Holographic Radiance Cascades for 2D Global Illumination (2505.02041v1)

Published 4 May 2025 in cs.GR

Abstract: Efficiently calculating global illumination has always been one of the greatest challenges in computer graphics. Algorithms for approximating global illumination have always struggled to run in realtime for fully dynamic scenes, and have had to rely heavily on stochastic raytracing, spatialtemporal denoising, or undersampled representations, resulting in much lower quality of lighting compared to reference solutions. Even though the problem of calculating global illumination in 2D is significantly simpler than that of 3D, most contemporary approaches still struggle to accurately approximate 2D global illumination under realtime constraints. We present Holographic Radiance Cascades: a new single-shot scene-agnostic radiance transfer algorithm for global illumination, which is capable of achieving results visually indistinguishable from the 2D reference solution at realtime framerates. Our method uses a multi-level radiance probe system, and computes rays via combining short ray intervals as a replacement for conventional raytracing. It runs at constant cost for a given scene size, taking 1.85ms for a 512x512 pixel image and 7.67ms for 1024x1024 on an RTX 3080 Laptop.

Summary

The paper introduces Holographic Radiance Cascades (HRC) as a real-time, single-shot method for computing 2D global illumination without needing stochastic ray tracing.
It refines the existing Radiance Cascades framework by modifying probe structures and using a specialized acceleration structure to maintain high spatial resolution along incoming light directions.
Experimental results show lower RMSE and faster computation times compared to path tracing, despite limitations with small light sources and challenges in scaling to 3D.

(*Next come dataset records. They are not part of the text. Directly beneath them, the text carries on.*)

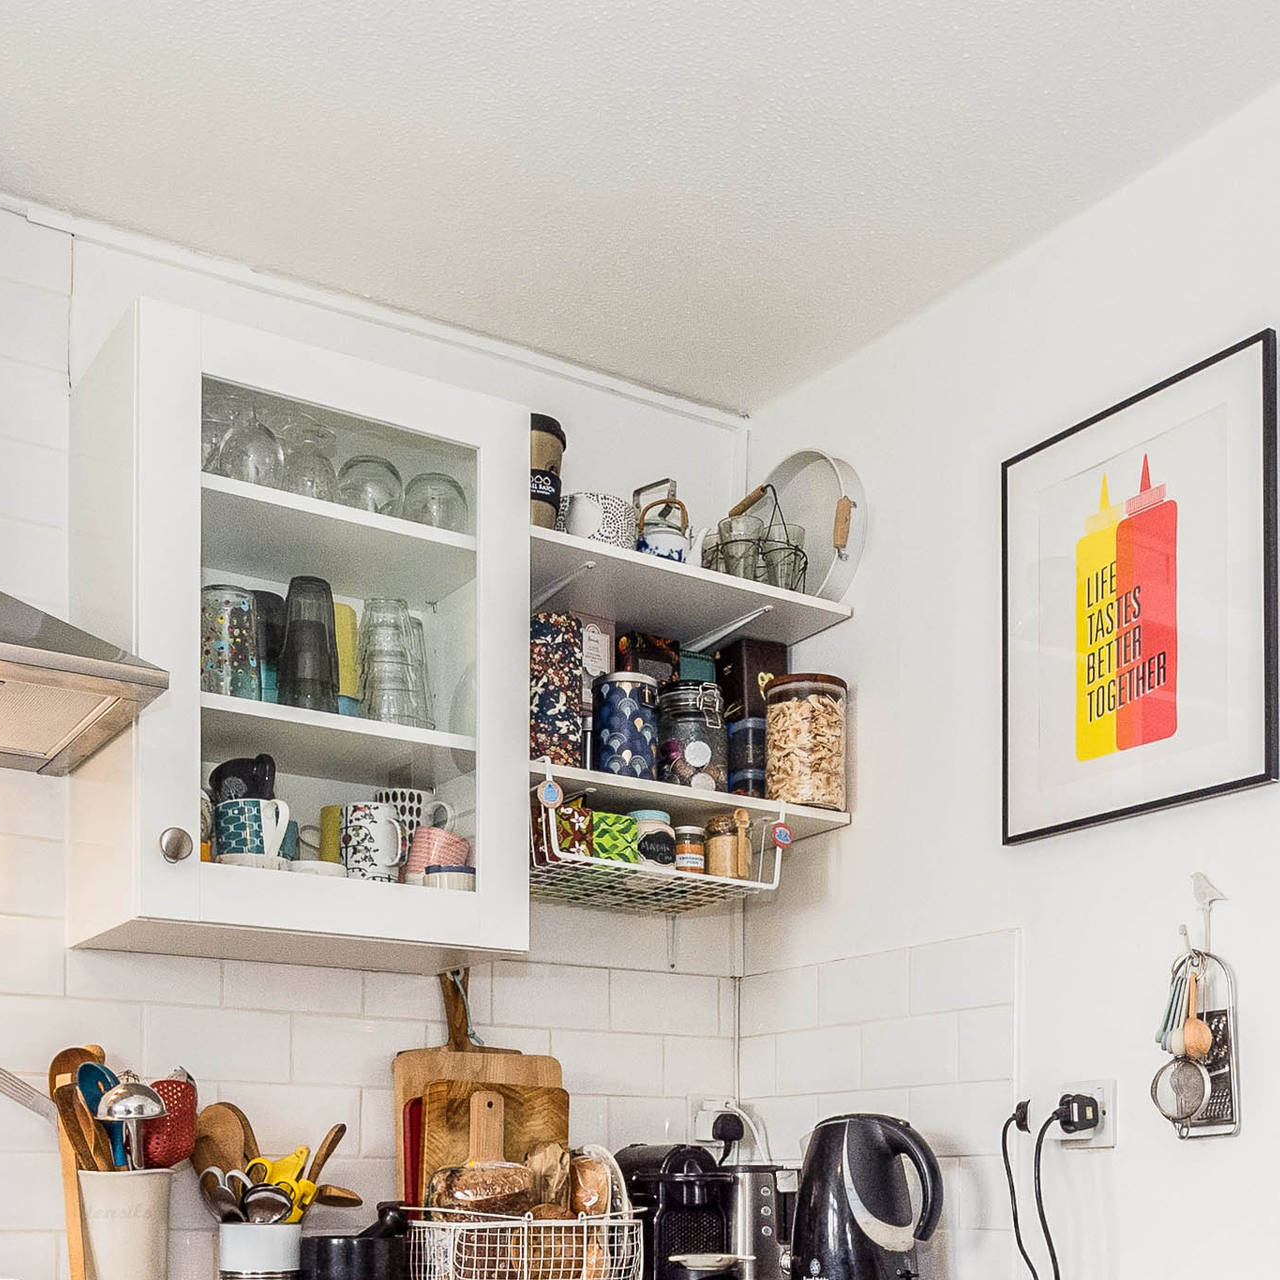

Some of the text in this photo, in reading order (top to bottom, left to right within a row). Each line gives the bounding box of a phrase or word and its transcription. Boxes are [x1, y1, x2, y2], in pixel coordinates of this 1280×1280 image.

[1084, 559, 1119, 610] LIFE
[1086, 584, 1143, 647] TASTES
[1086, 624, 1143, 685] BETTER
[1086, 652, 1168, 724] TOGETHER
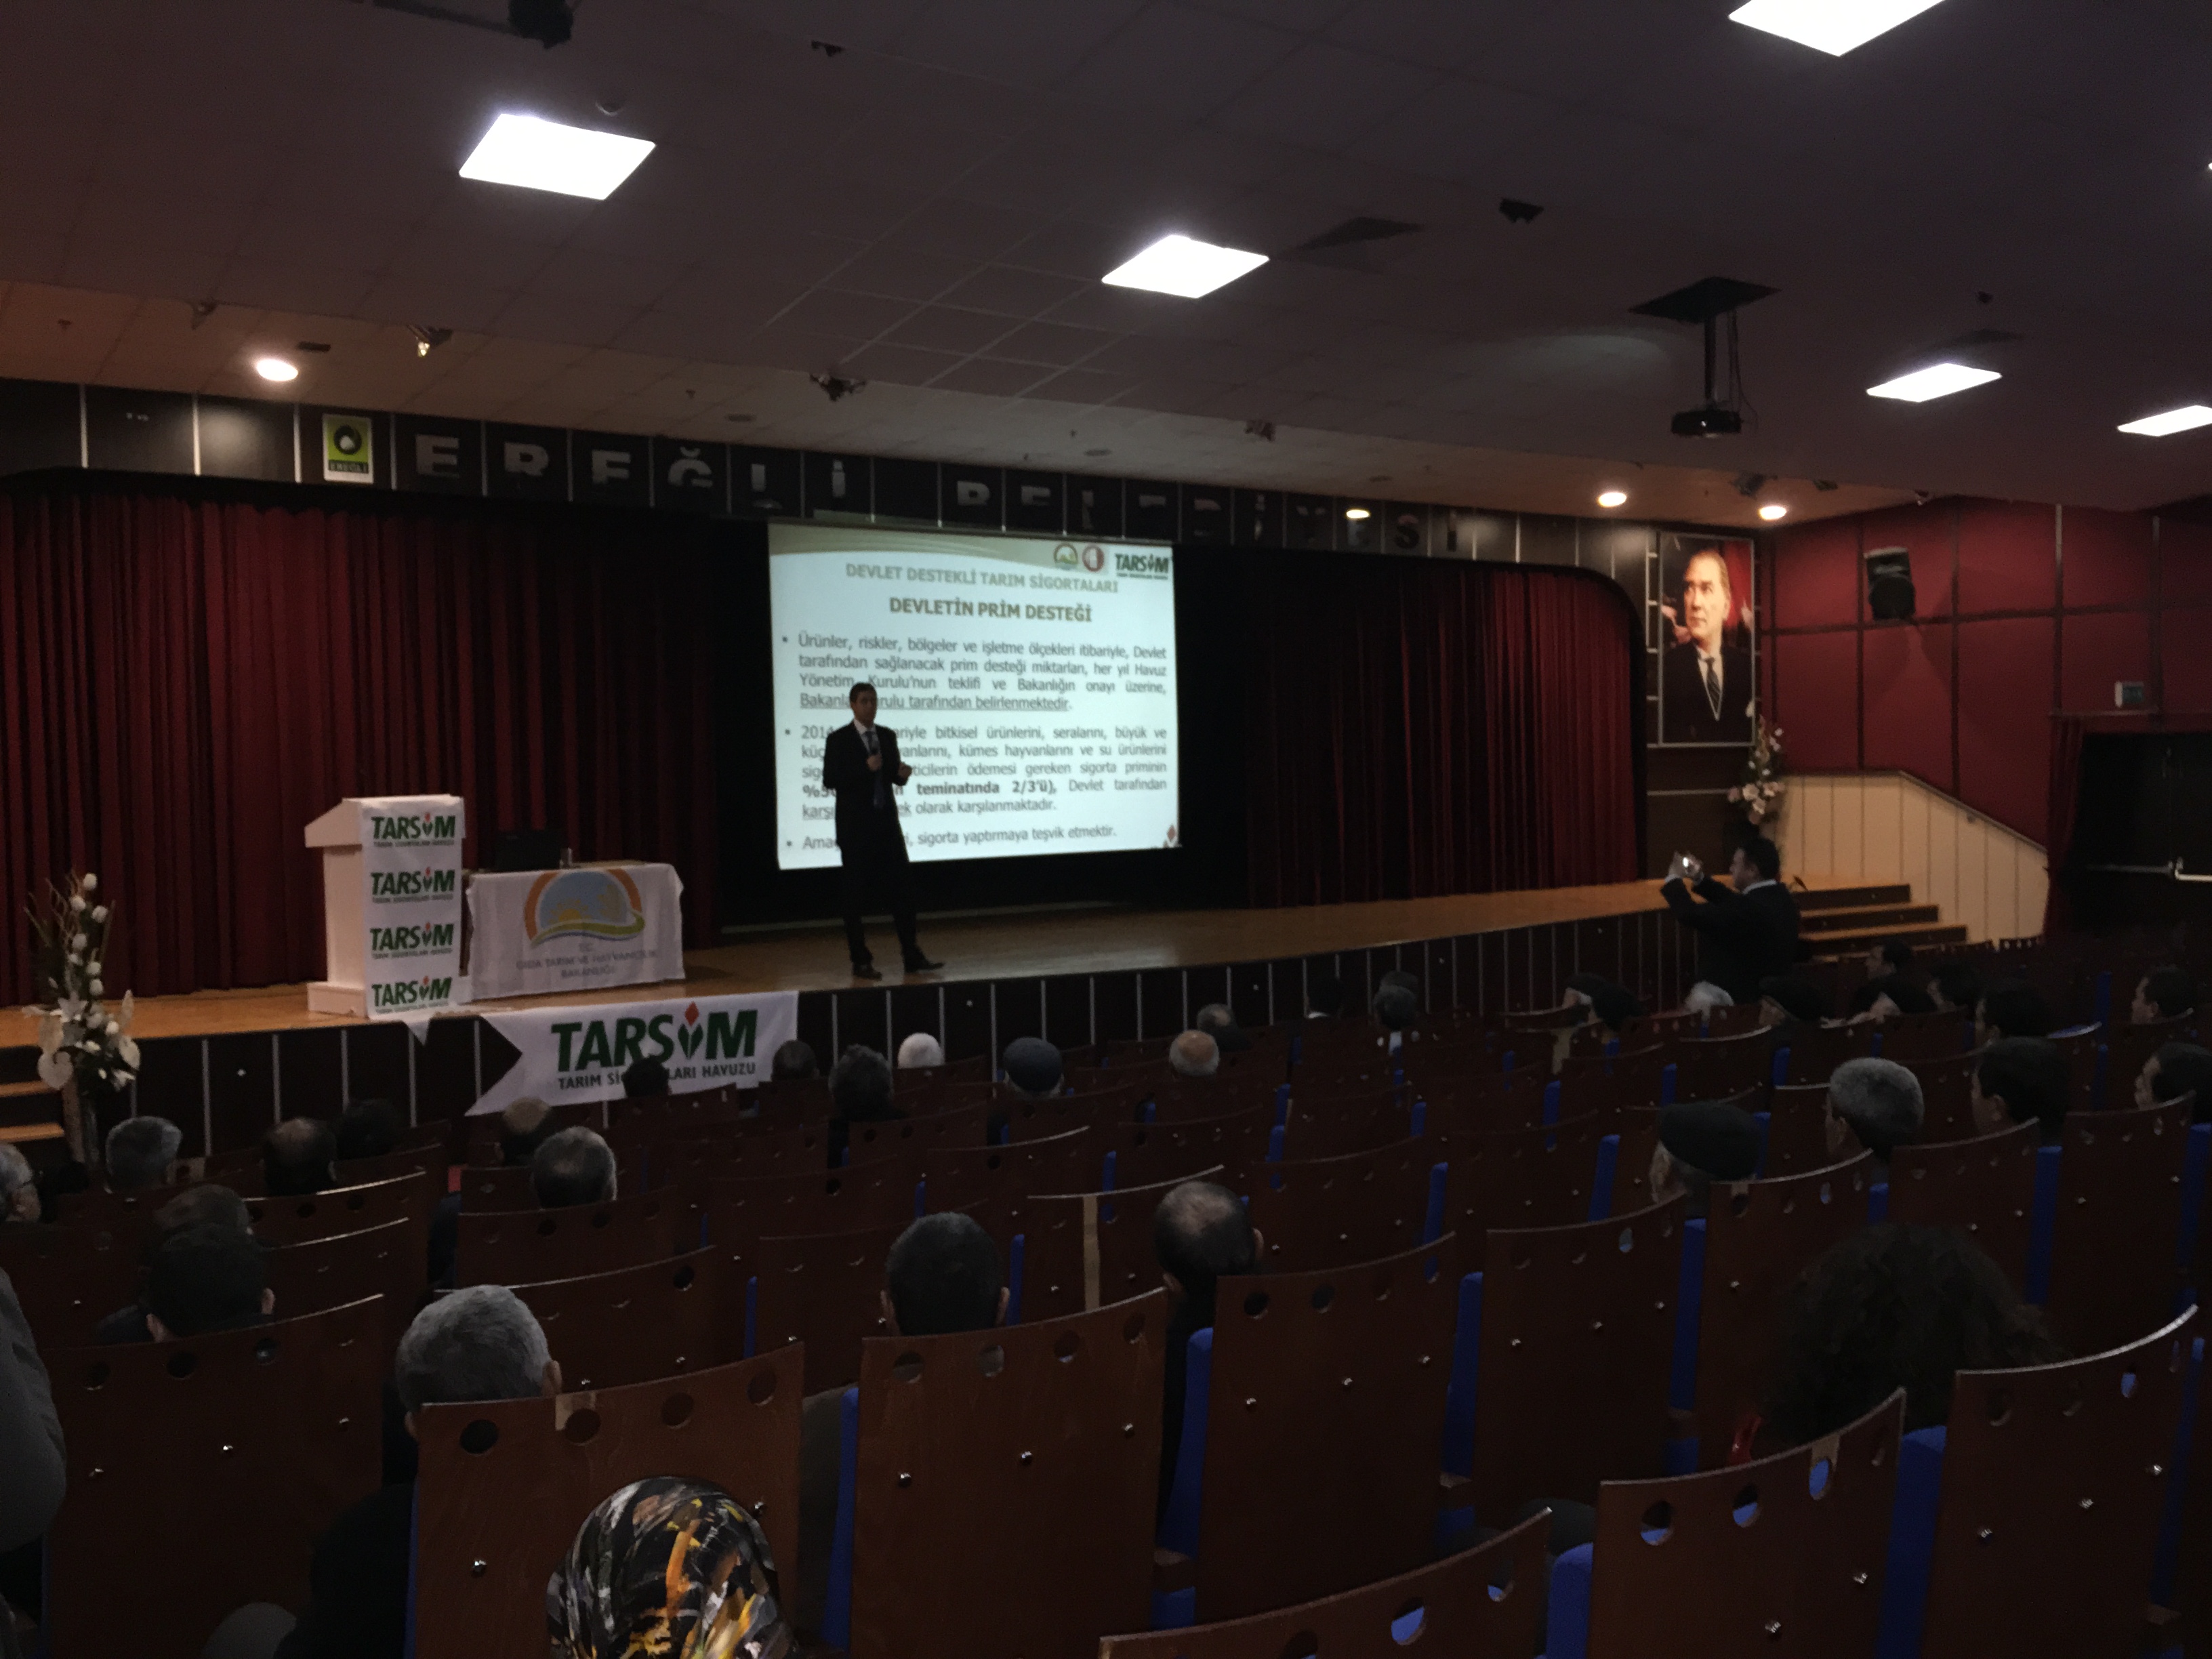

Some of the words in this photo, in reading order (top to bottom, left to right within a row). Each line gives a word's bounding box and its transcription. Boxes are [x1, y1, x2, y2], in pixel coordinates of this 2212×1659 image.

[846, 562, 903, 580] DEVLET
[907, 568, 975, 585] DESTEKLİ
[980, 571, 1025, 588] TARIM
[1029, 573, 1118, 593] SİGORTALARI
[890, 596, 973, 616] DEVLETİN
[978, 599, 1020, 619] PRİM
[1025, 602, 1092, 622] DESTEĞİ
[798, 630, 852, 651] Ürünler,
[859, 636, 903, 652] riskler,
[907, 637, 958, 654] bölgeler
[963, 642, 977, 653] ve
[982, 640, 1024, 656] işletme
[1029, 642, 1075, 657] ölçekleri
[1134, 645, 1166, 659] Devlet
[798, 654, 868, 668] tarafından
[874, 655, 945, 672] sağlanacak
[950, 658, 977, 672] prim
[984, 659, 1026, 675] desteği
[1094, 662, 1111, 674] her
[1135, 664, 1166, 676] Havuz
[800, 672, 854, 687] Yönetim
[868, 674, 937, 689] Kurulu'nun
[948, 676, 981, 689] teklifi
[992, 679, 1006, 690] ve
[1018, 677, 1076, 694] Bakanlığın
[1125, 681, 1166, 695] üzerine,
[800, 693, 851, 708] Bakanla
[935, 725, 978, 739] bitkisel
[987, 726, 1045, 740] ürünlerini,
[1115, 725, 1147, 741] büyük
[1154, 729, 1167, 739] ve
[959, 744, 998, 757] kümes
[1080, 746, 1093, 756] ve
[1099, 745, 1111, 756] su
[967, 763, 1017, 775] ödemesi
[1025, 762, 1071, 777] gereken
[1080, 762, 1116, 777] sigorta
[917, 781, 1000, 795] teminatında
[1069, 779, 1104, 792] Devlet
[916, 801, 954, 814] olarak
[371, 811, 455, 839] TARSİM
[918, 832, 958, 847] sigorta
[1032, 826, 1064, 842] teşvik
[1068, 825, 1116, 840] etmektir.
[371, 867, 455, 895] TARSİM
[369, 922, 453, 951] TARSİM
[371, 976, 452, 1006] TARSİM
[551, 1001, 758, 1072] TARSİM
[558, 1073, 601, 1090] TARIM
[702, 1062, 756, 1078] HAVUZU

The paper "Holographic Radiance Cascades for 2D Global Illumination" (2505.02041) introduces a novel, real-time, single-shot algorithm for calculating 2D global illumination (GI) in dynamic scenes. The method, called Holographic Radiance Cascades (HRC), builds upon the Radiance Cascades (RC) framework but modifies the core probe structure and introduces a specialized acceleration structure to improve performance and quality, particularly for complex geometry and volumetric effects, while eliminating the need for stochastic ray tracing or denoising.

Core Concepts

The paper defines the problem as calculating fluence $F(p)$ , the radiance integrated over all incoming directions at a point $p$ . Unlike irradiance, this doesn't involve a surface cosine term, making it suitable for calculating light within participating media, which the authors model surfaces as highly-dense volumes of.

Key to the method is the concept of a radiance interval $L_T(p \leftarrow q)$ and its associated transmittance $T_T(p \leftarrow q)$ , representing the light contributed by the segment from $q$ to $p$ and the fraction of light transmitted over that segment, respectively. These satisfy a merging property analogous to premultiplied alpha blending:

$L_T(p \leftarrow r) = L_T(p \leftarrow q) + T_T(p \leftarrow q) \cdot L_T(q \leftarrow r)$

$T_T(p \leftarrow r) = T_T(p \leftarrow q) \cdot T_T(q \leftarrow r)$

where $p, q, r$ are colinear with $q$ between $p$ and $r$ . This allows computing the radiance and transmittance of a long segment by combining shorter ones. The paper defines Trace(p, q) as the pair $(L_T(p \leftarrow q), T_T(p \leftarrow q))$ .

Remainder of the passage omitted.